The haunted house may be a stunt. But there's nothing phony about the mushrooming media value.

The agency was Toronto’s ZiG. The client was Scream TV. And the budget was miniscule. But with Halloween on the horizon, associate-CD duo Stephen Leps and Aaron Starkman came up with the concept of ‘getting scared more often,’ plus a way to generate mega WOM and beaucoup cyber buzz.

The idea was to give the impression that a certain Victorian-era house near Toronto’s Jarvis and Wellesley intersection was haunted by the ghost of a young girl. The team created a 3D projector show that, at first, showed the child in a top-floor window. Then, says Leps, ‘we started leaking it online that the house really was haunted.’ As more and more people showed up outside every night, the partners beefed up the impression, having the ghost skip from window to window.
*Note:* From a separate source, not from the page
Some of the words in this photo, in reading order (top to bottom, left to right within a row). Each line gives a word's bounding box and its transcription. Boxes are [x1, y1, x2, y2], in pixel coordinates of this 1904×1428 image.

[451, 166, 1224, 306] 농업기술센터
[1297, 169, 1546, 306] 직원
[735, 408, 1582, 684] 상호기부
The crowds increased over a three-week period just before Halloween, and so did the camera-phone images that wound up online, in blogs and on YouTube. Then, last Saturday, the National Post gave the stunt major coverage – just in time for the big reveal. The ghostly little girl showed with up a sign reading ‘Get scared more often on Scream TV.’ Meanwhile, commercials appeared on Scream with the same tagline.

The moral of the story, says Starkman, is that ‘In today’s weird marketing environment, you’ve got to out-smart, not out-spend. And you’ve got to stay fluid, reacting to whatever reaction there is out there. Our client was a partner in making this happen. They believed the power of the Internet could be huge in creating buzz, and that this kind of marketing approach would generate the numbers they needed. And sure enough, it worked.’
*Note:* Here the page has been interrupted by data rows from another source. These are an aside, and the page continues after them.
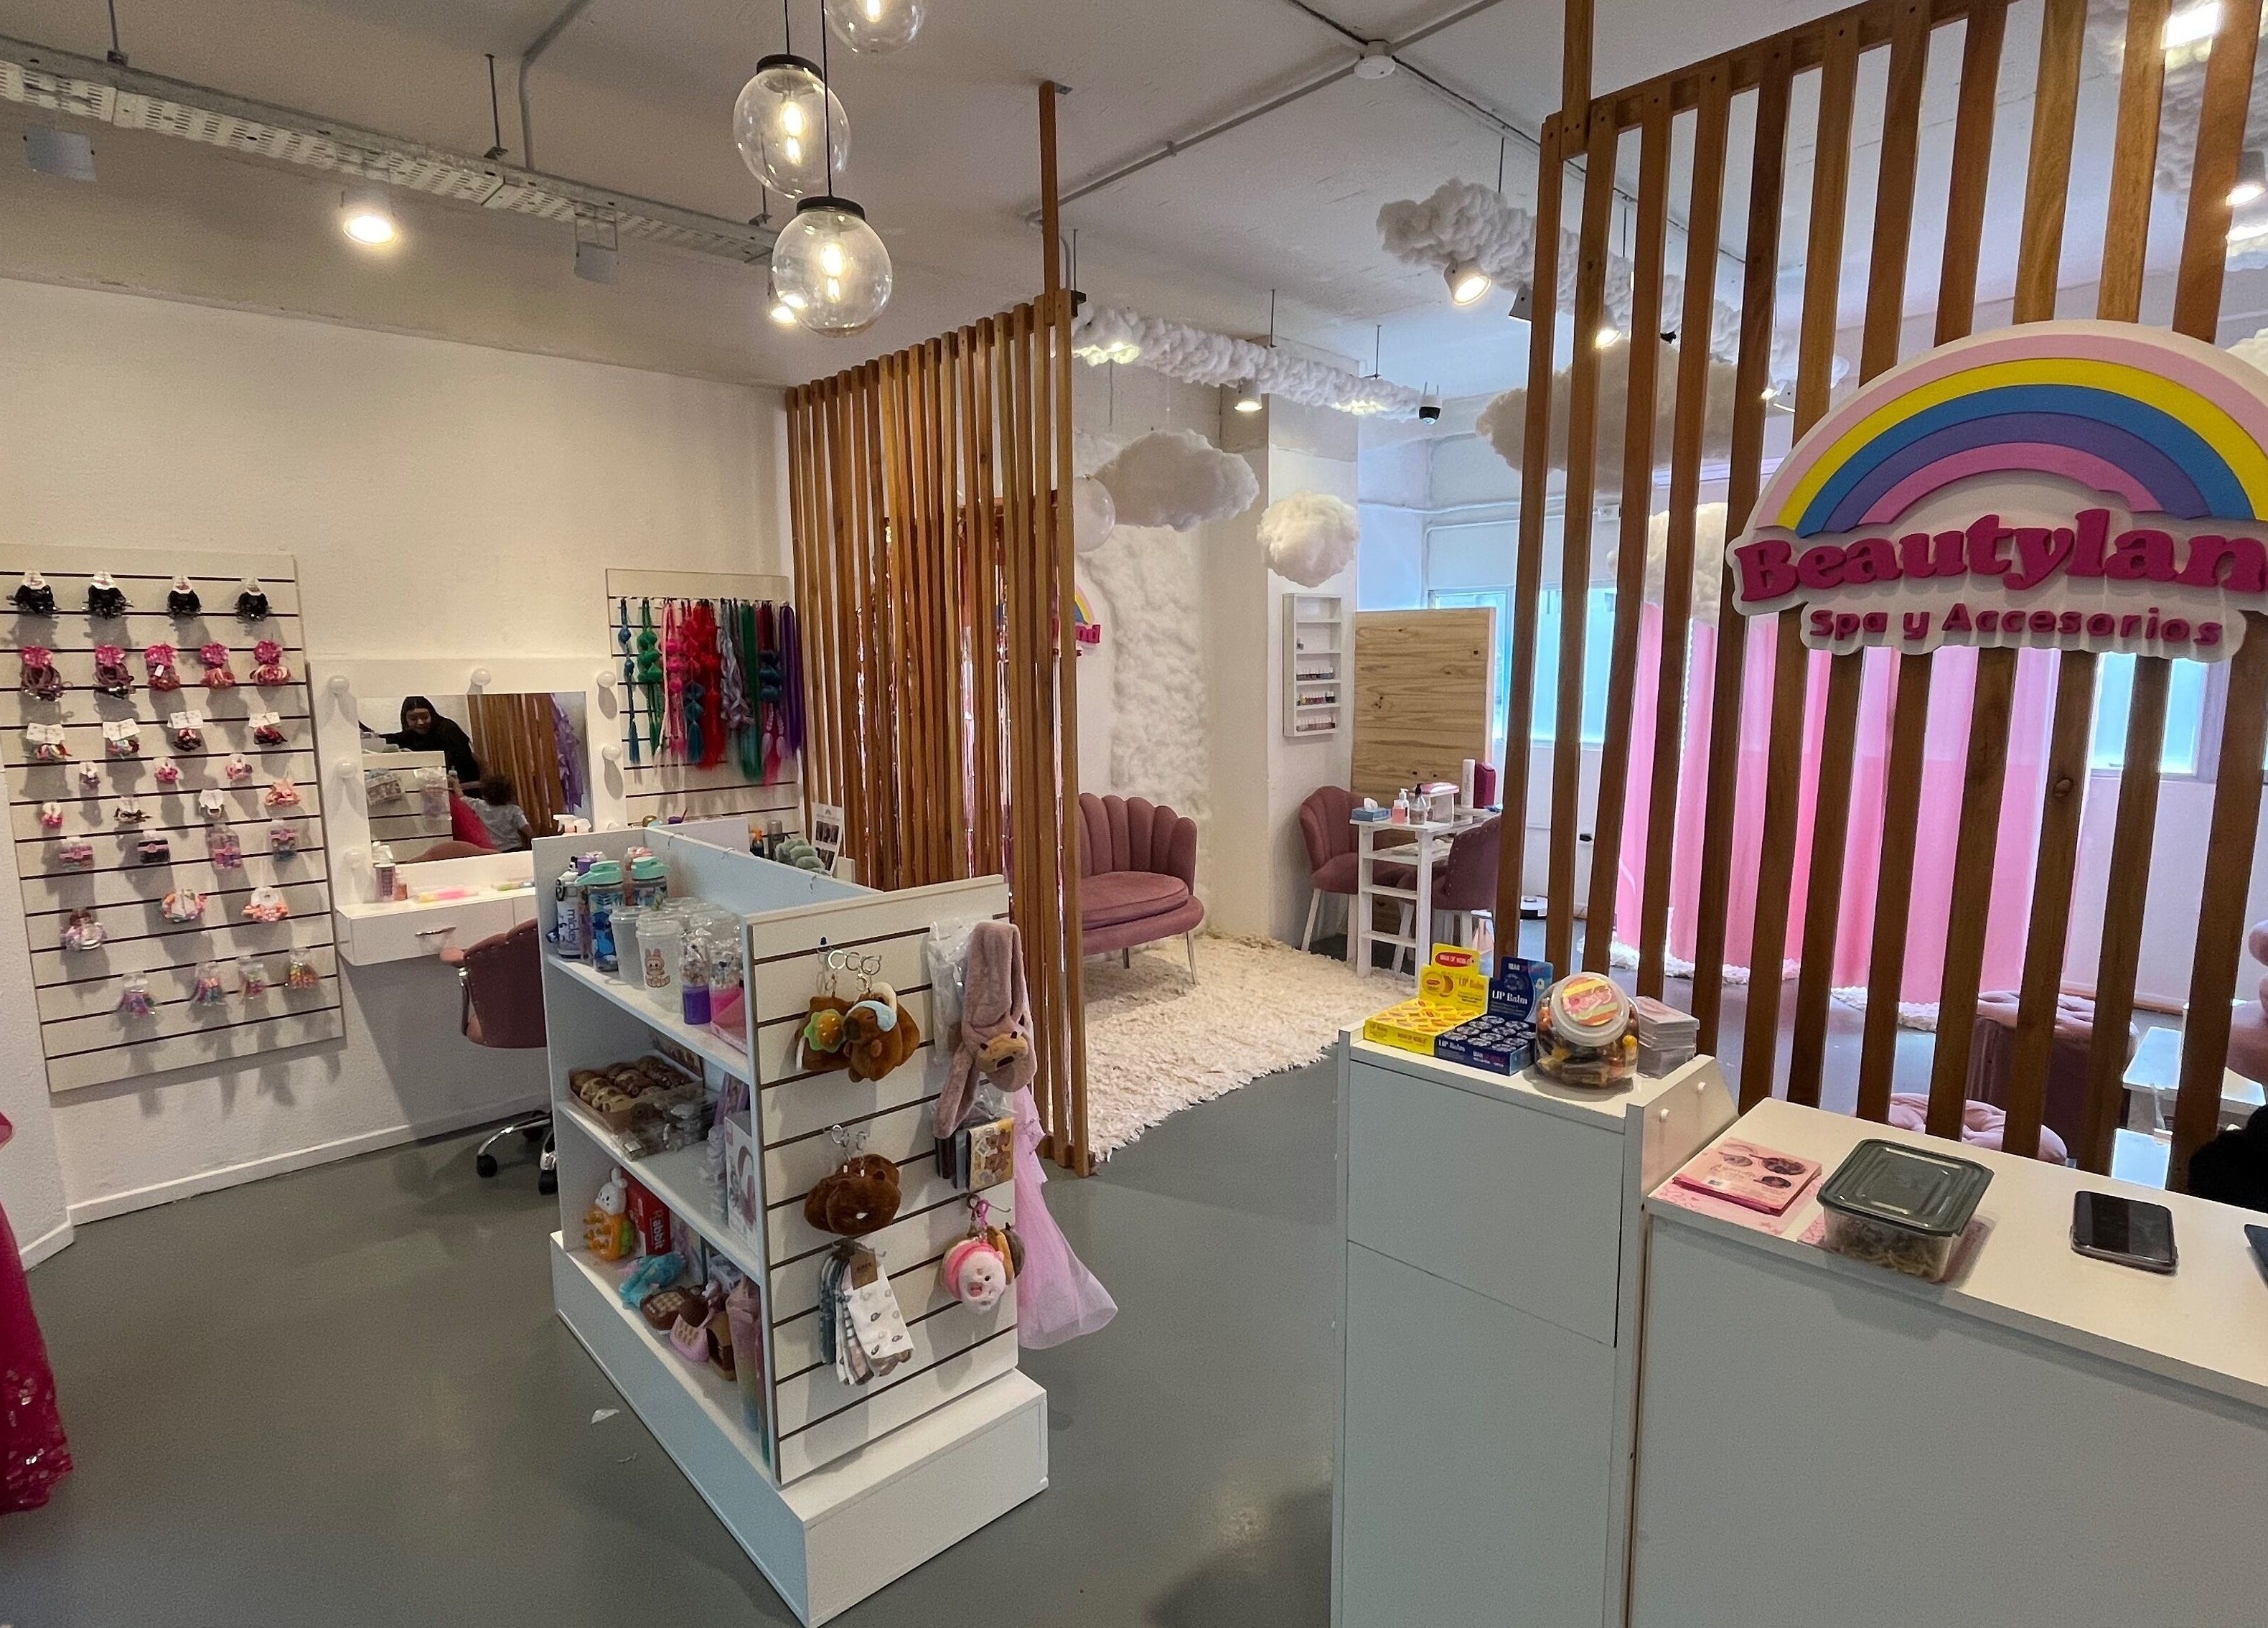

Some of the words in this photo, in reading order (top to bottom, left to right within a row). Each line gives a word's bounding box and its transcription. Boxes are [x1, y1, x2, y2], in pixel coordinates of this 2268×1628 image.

[1734, 508, 2268, 603] Beautylan
[1809, 609, 1888, 641] Spa
[1903, 612, 1931, 640] y
[1941, 603, 2224, 646] Accesorios
[1506, 992, 1528, 1005] Balm
[652, 1210, 665, 1250] Rabbit
The ZiGsters say they can’t yet quantify the media equivalency their caper, um …, scared up on a budget of just $50K. ‘We can’t translate it into dollars,’ says Leps. ‘We just know people have been talking about it. In fact, we keep being told about it by friends of friends. So it’s been working.’ The dream, he adds, was to have their stunt turn up on CNN, which hasn’t yet happened. ‘But it’s popping up everywhere,’ Starkman muses. ‘So who knows?’

What he and his partner are sure of is that they’ll be setting up similar stunts in future. ‘We liked the doubt we put into people’s heads about whether this was real or not.’